Both UseHTMLHelp and HTMLHelpViewer were developed by Jan Goyvaerts, who also designed and developed HelpScribble. You may freely use these units in your software.
Delphi 3, 4 and 5
To enable HTML Help support in applications developed with Delphi 3, 4 or 5, add the UseHTMLHelp unit to your application. In Delphi, select Project|Add to Project in the menu, and select the UseHTMLHelp unit you downloaded using the link above.
HTML Help with Delphi 6 and 7
Delphi 6 has a totally new help architecture to enable an application to use more than one help system. Unfortunately, Borland did not make use of that architecture to support .chm help files. The HTMLHelpViewer.pas unit takes care of this. To add HTML Help support, use Project|Add to Project in Delphi to add the HTMLHelpViewer unit from the UseHTMLHelp download.
Unlike some other source code that is freely available on the Internet to make Delphi 6 work with HTML Help, the HTMLHelpViewer unit you can download here does not disable WinHelp. Should you use a .hlp file rather than a .chm file after all, HTMLHelpViewer will detect this and stay inactive, letting the standard WinHelpViewer do its job.
C++Builder 6 uses the same help system as Delphi 6. You can use the HTMLHelpViewer unit for Delphi 6 with C++Builder 6. You'll need to add an #include and a #pragma line to the C++ code of your application's main form:
#pragma link "HTMLHelpViewer"
#pragma resource "*.dfm"
You'll also need to link your application against hhctrl.ocx. First, run the command implib hhctrl.lib hhctrl.ocx. Then add the hhctrl.lib file to your project. The hhctrl.ocx file can be found in the Windows\System32 folder. It is included with Windows itself.
Using a HLP or CHM Help File with Delphi 2005
With Delphi 2005, Borland decided to change things once again. Delphi 2005 still uses the help system introduced with Delphi 6, but no longer adds a help viewer to your application by default. To make your application work with WinHelp .hlp files, add the unit WinHelpViewer to the uses clause of your project's .dpr file. This unit ships with Delphi itself.

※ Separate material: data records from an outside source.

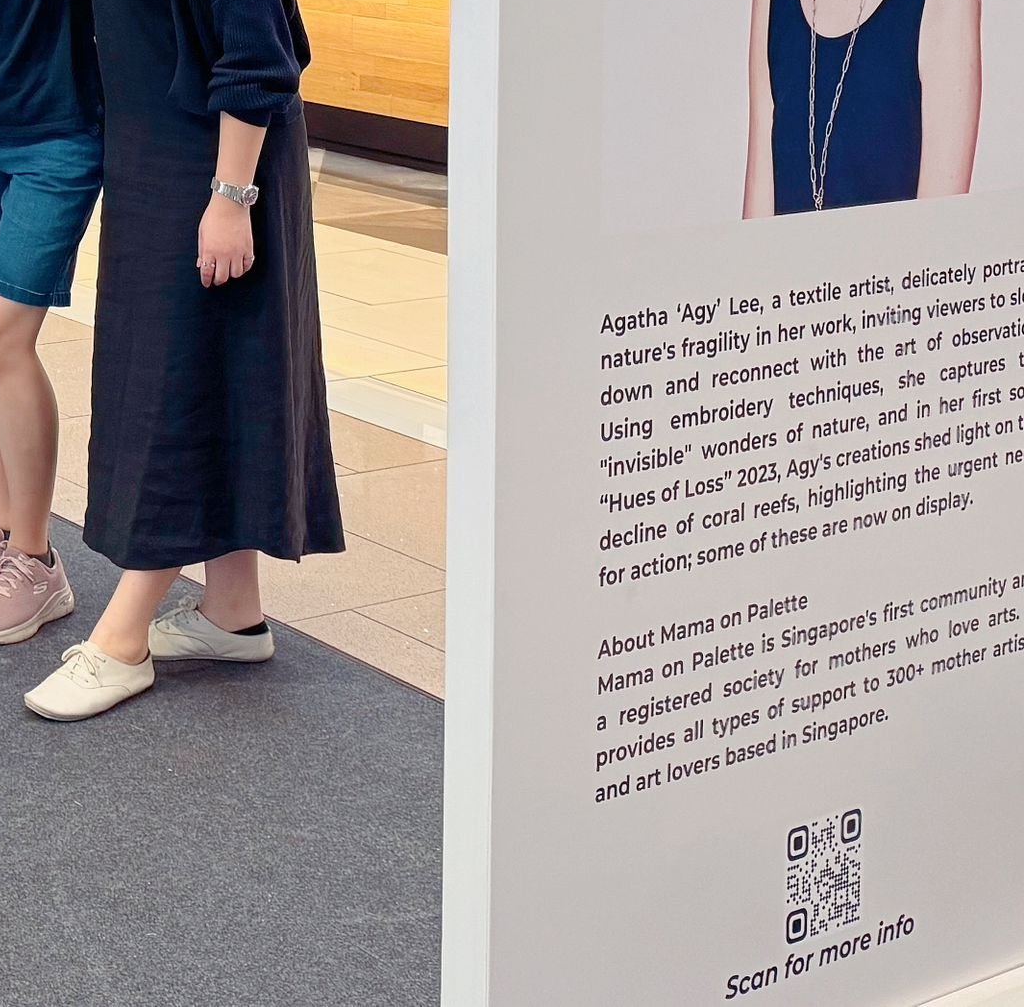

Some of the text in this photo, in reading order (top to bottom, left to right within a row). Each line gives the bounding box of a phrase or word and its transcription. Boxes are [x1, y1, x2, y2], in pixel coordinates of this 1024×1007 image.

[599, 306, 668, 337] Agatha
[729, 296, 764, 316] Lee,
[771, 294, 782, 310] a
[788, 281, 842, 307] textile
[848, 274, 895, 298] artist,
[901, 262, 977, 290] delicately
[601, 341, 676, 370] nature's
[681, 329, 751, 359] fragility
[756, 325, 772, 347] in
[777, 323, 806, 343] her
[810, 313, 857, 338] work,
[861, 304, 922, 330] inviting
[926, 297, 986, 319] viewers
[989, 292, 1006, 310] to
[600, 383, 653, 407] down
[665, 370, 700, 396] and
[711, 357, 800, 389] reconnect
[810, 348, 847, 372] with
[857, 343, 885, 364] the
[894, 337, 917, 358] art
[926, 330, 943, 352] of
[600, 416, 653, 442] Using
[670, 397, 774, 430] embroidery
[788, 379, 884, 410] techniques,
[898, 369, 926, 390] she
[939, 357, 1006, 384] captures
[661, 479, 681, 503] of
[736, 461, 782, 488] 2023,
[785, 452, 832, 480] Agy's
[835, 439, 911, 468] creations
[914, 426, 952, 452] shed
[956, 421, 991, 446] light
[994, 419, 1014, 436] on
[701, 431, 778, 460] wonders
[786, 421, 804, 444] of
[812, 415, 870, 440] nature,
[878, 402, 908, 427] and
[916, 399, 931, 420] in
[939, 396, 965, 415] her
[971, 387, 1002, 409] first
[598, 491, 974, 588] for action; some of these are now on display.
[599, 521, 668, 552] decline
[675, 512, 695, 535] of
[702, 501, 745, 530] coral
[753, 492, 800, 519] reefs,
[808, 471, 907, 509] highlighting
[914, 464, 941, 485] the
[947, 451, 999, 479] urgent
[596, 607, 1020, 732] a registered society for mothers who love arts.
[597, 594, 809, 660] About Mama on Palette
[597, 667, 654, 696] Mama
[661, 659, 684, 679] on
[692, 642, 755, 672] Palette
[761, 632, 775, 654] is
[781, 609, 877, 649] Singapore's
[882, 599, 915, 623] first
[919, 576, 1008, 613] community
[595, 731, 676, 773] provides
[683, 718, 704, 743] all
[711, 709, 760, 739] types
[767, 696, 785, 720] of
[791, 680, 857, 714] support
[863, 676, 880, 694] to
[886, 663, 925, 688] 300+
[931, 647, 988, 676] mother
[594, 708, 889, 804] and art lovers based in Singapore.
[725, 913, 915, 1000] Scan for more info
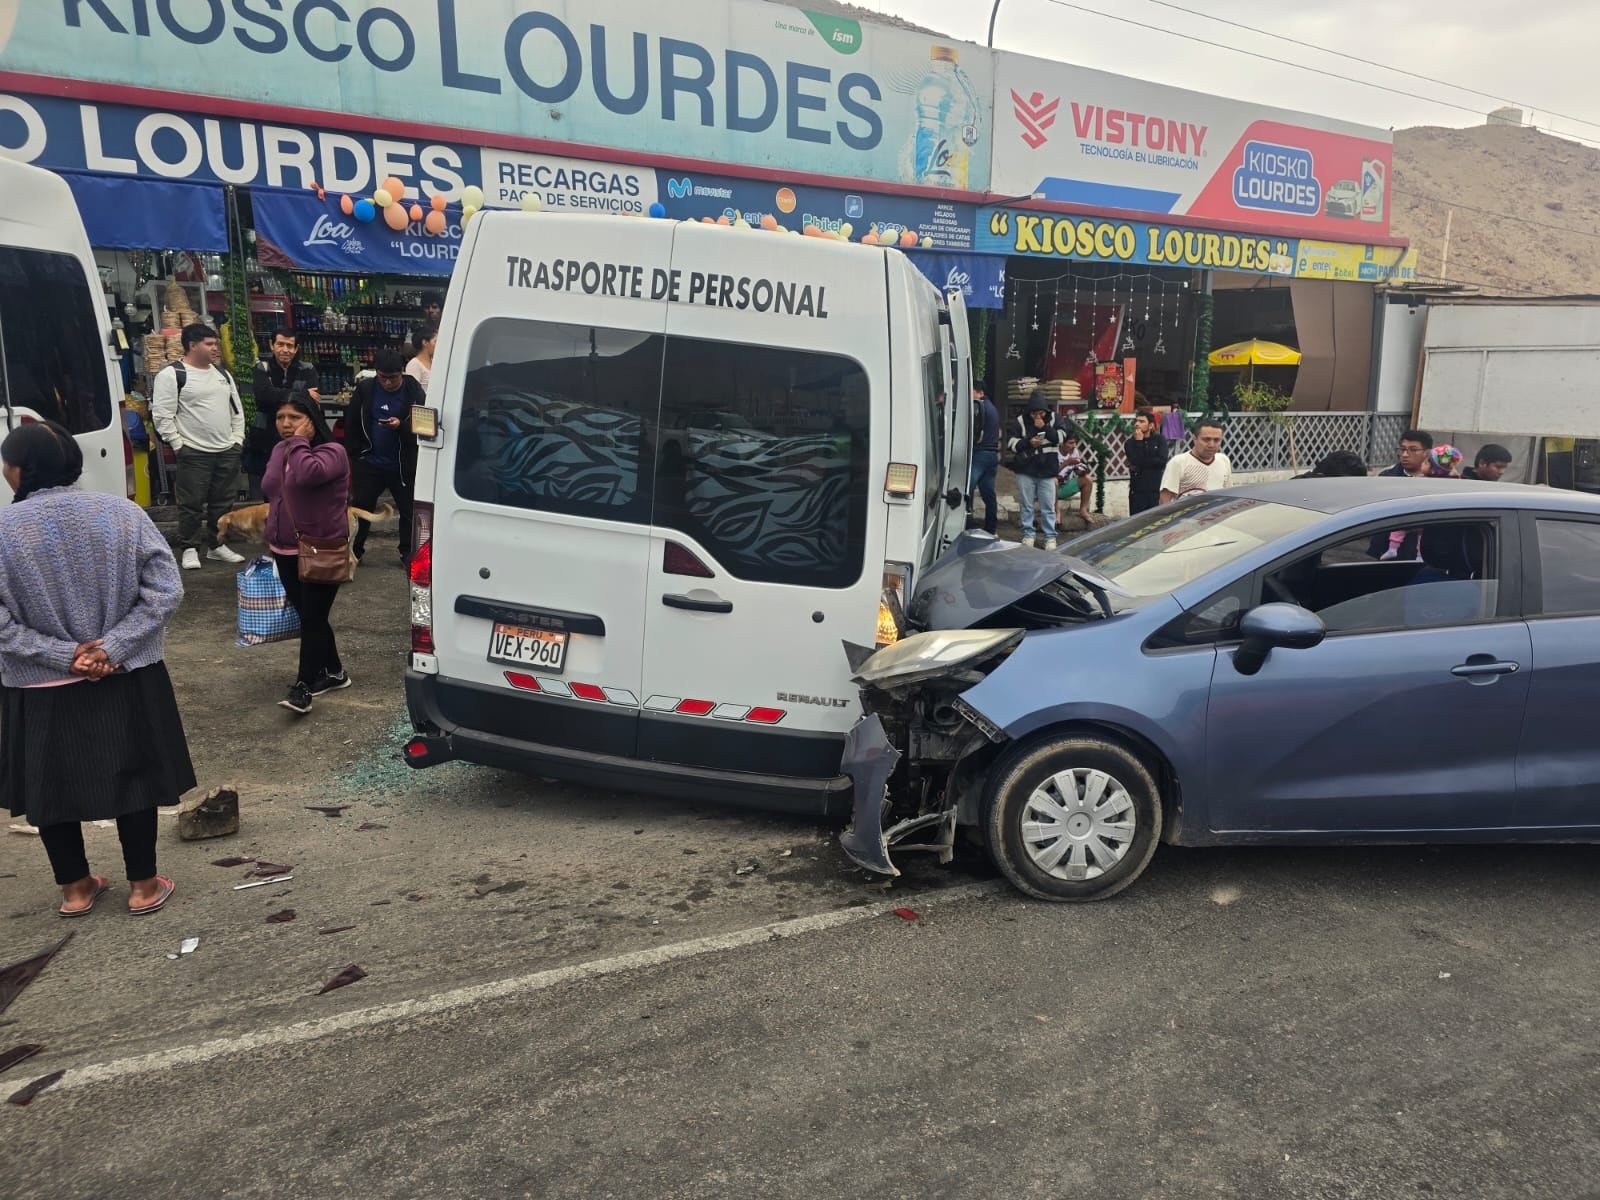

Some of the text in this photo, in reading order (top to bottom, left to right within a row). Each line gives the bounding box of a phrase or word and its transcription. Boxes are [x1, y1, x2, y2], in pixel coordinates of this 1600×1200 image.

To use .chm files, download the UseHTMLHelp package and add the HTMLHelpViewer2005 unit to your project's .dpr file.
If you want your application to support both .hlp and .chm help files, you must add HTMLHelpViewer to the .dpr uses clause before WinHelpViewer. Due to a bug in Delphi 2005, if you list WinHelpViewer first, WinHelpViewer will try to open .chm files, which will result in an error.

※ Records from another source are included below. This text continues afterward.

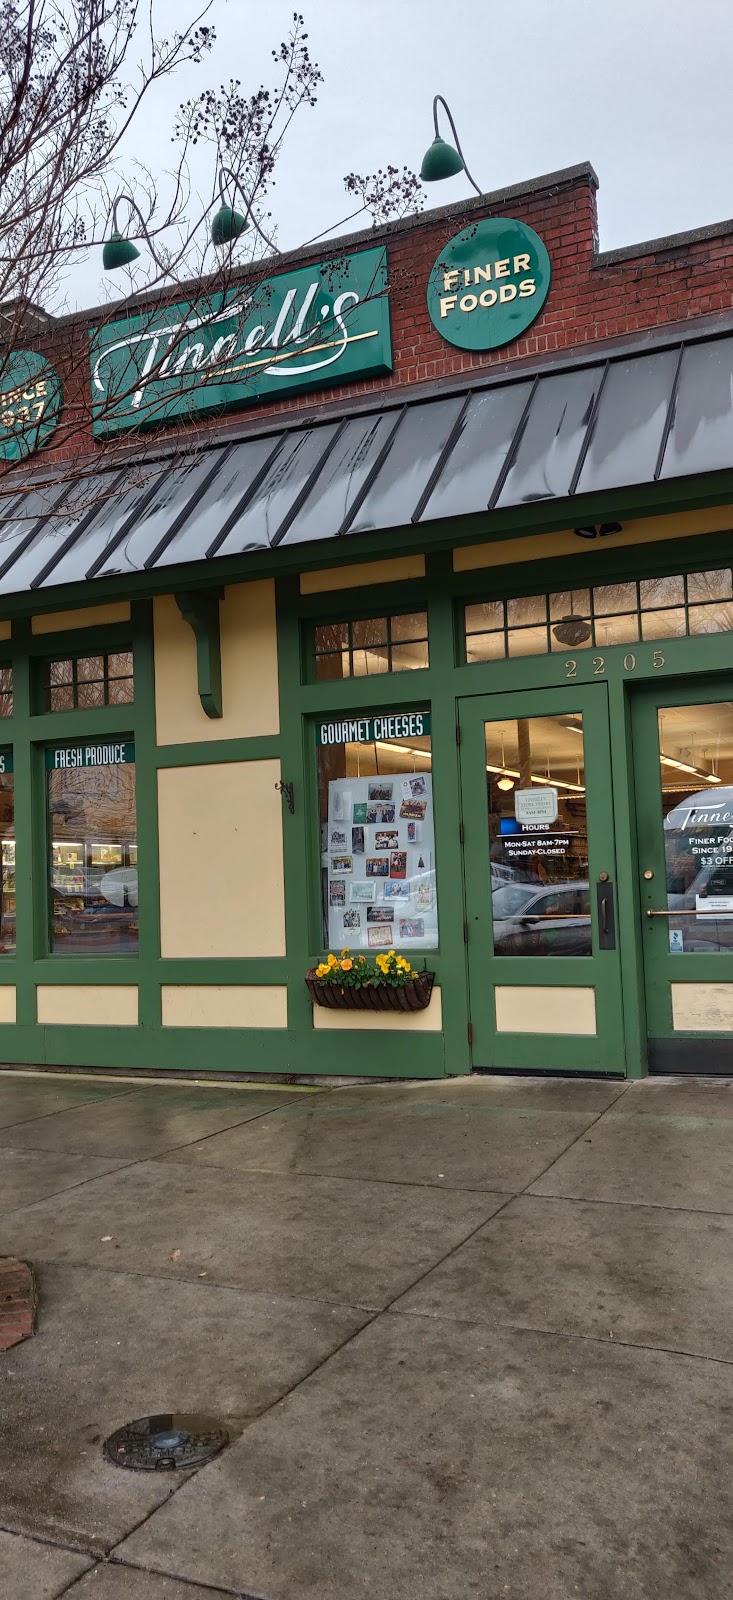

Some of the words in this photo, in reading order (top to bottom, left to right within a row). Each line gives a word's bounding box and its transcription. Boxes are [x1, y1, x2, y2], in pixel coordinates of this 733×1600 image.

[443, 253, 531, 292] FINER
[440, 278, 536, 318] FOODS
[94, 282, 359, 408] Tinnell's
[565, 650, 665, 678] 2205
[320, 719, 371, 745] GOURMET
[373, 714, 424, 740] CHEESES
[54, 748, 82, 768] FRESH
[85, 744, 126, 766] PRODUCE
[508, 848, 566, 856] SUNDAY-CLOSED
[537, 839, 569, 847] 8AM-7PM
[688, 837, 716, 845] FINER
[700, 856, 713, 865] $3
[715, 856, 733, 865] OFF

What About Kylix (Delphi for Linux) ?
HelpScribble is only available for Windows, but it does run fine under Linux if you use VMware or Win4Lin.

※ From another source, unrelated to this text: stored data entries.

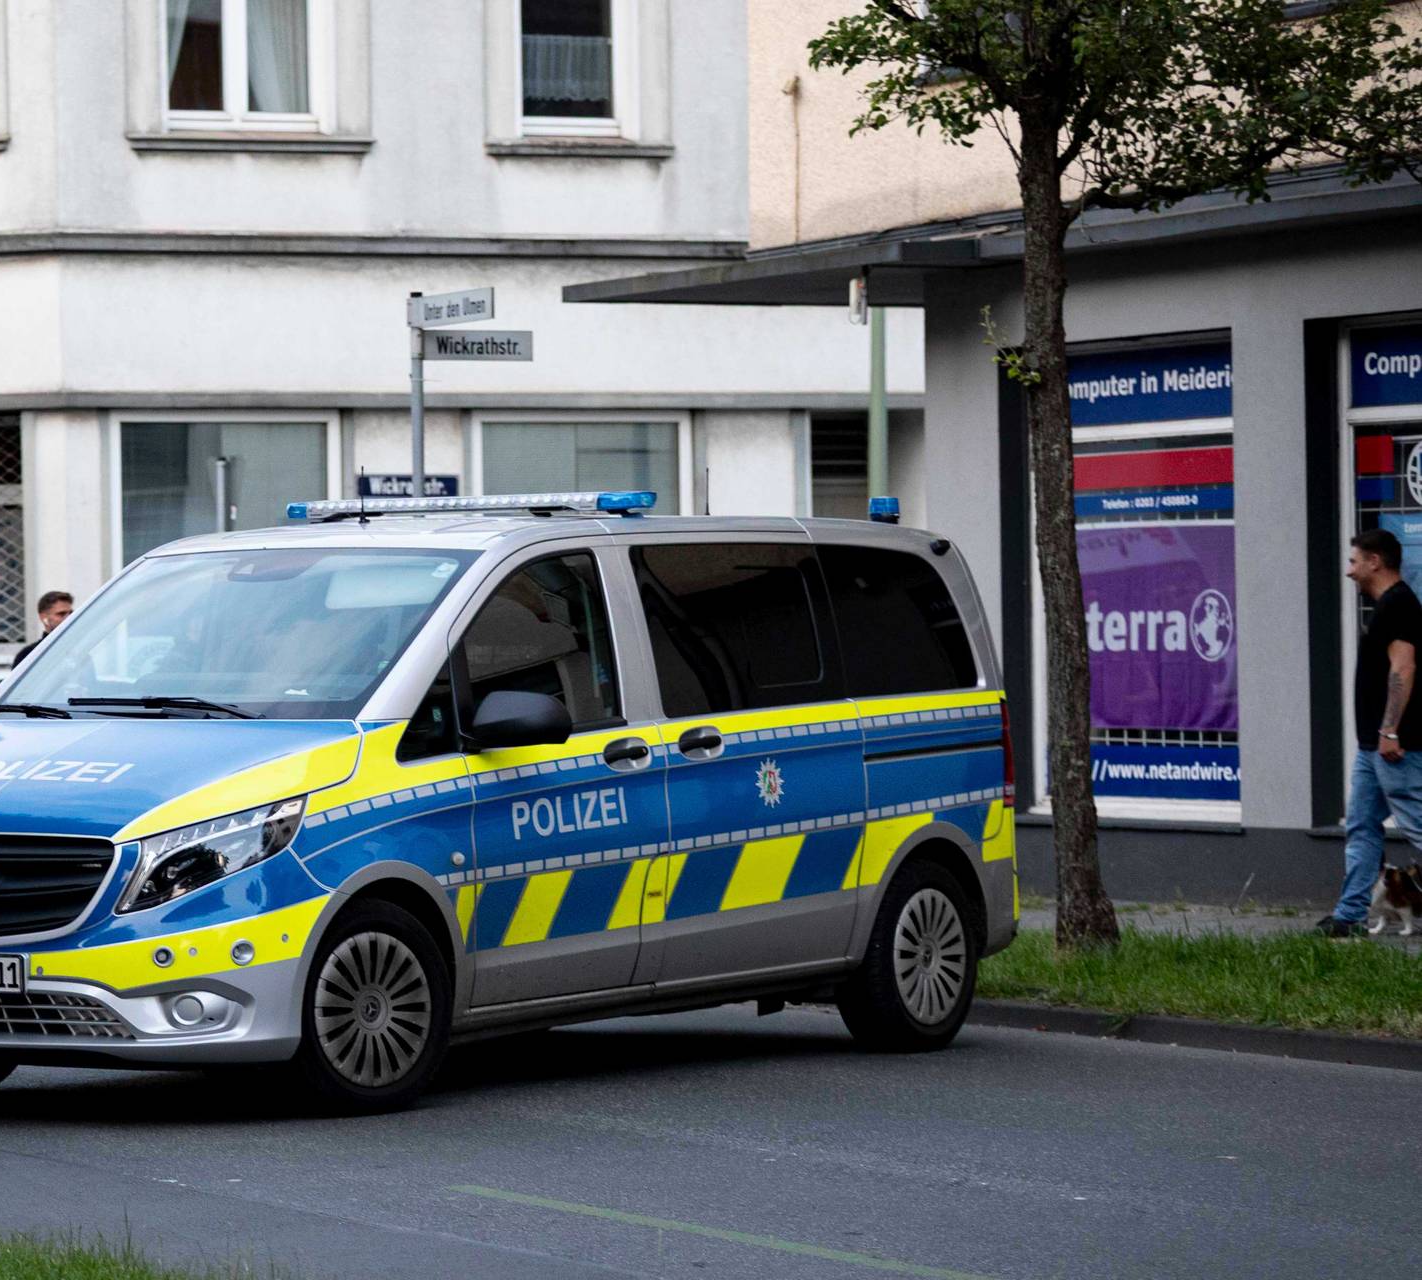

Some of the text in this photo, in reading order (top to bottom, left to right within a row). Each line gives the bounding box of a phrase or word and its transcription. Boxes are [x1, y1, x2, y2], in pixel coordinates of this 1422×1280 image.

[423, 297, 486, 321] Unter den Ulmen
[436, 335, 522, 356] Wickrathstr.
[1068, 364, 1234, 404] omputer in Meideri
[369, 477, 448, 495] Wickrastr.
[1085, 601, 1187, 652] terra
[512, 786, 628, 841] POLIZEI

There is no standard help format on Linux like there is on Windows. Most Linux applications provide a bunch of HTML files as documentation. With HelpScribble's Project|Export to Web Help, you can easily create HTML files from your help project. If you do cross-platform development, you can use WinHelp files on Windows, and HTML files on Linux, all created from the same HelpScribble project.
If you use Borland Kylix, you can create an integrated help system based on HTML files using the Simple HTML HelpViewer package from Just Great Software.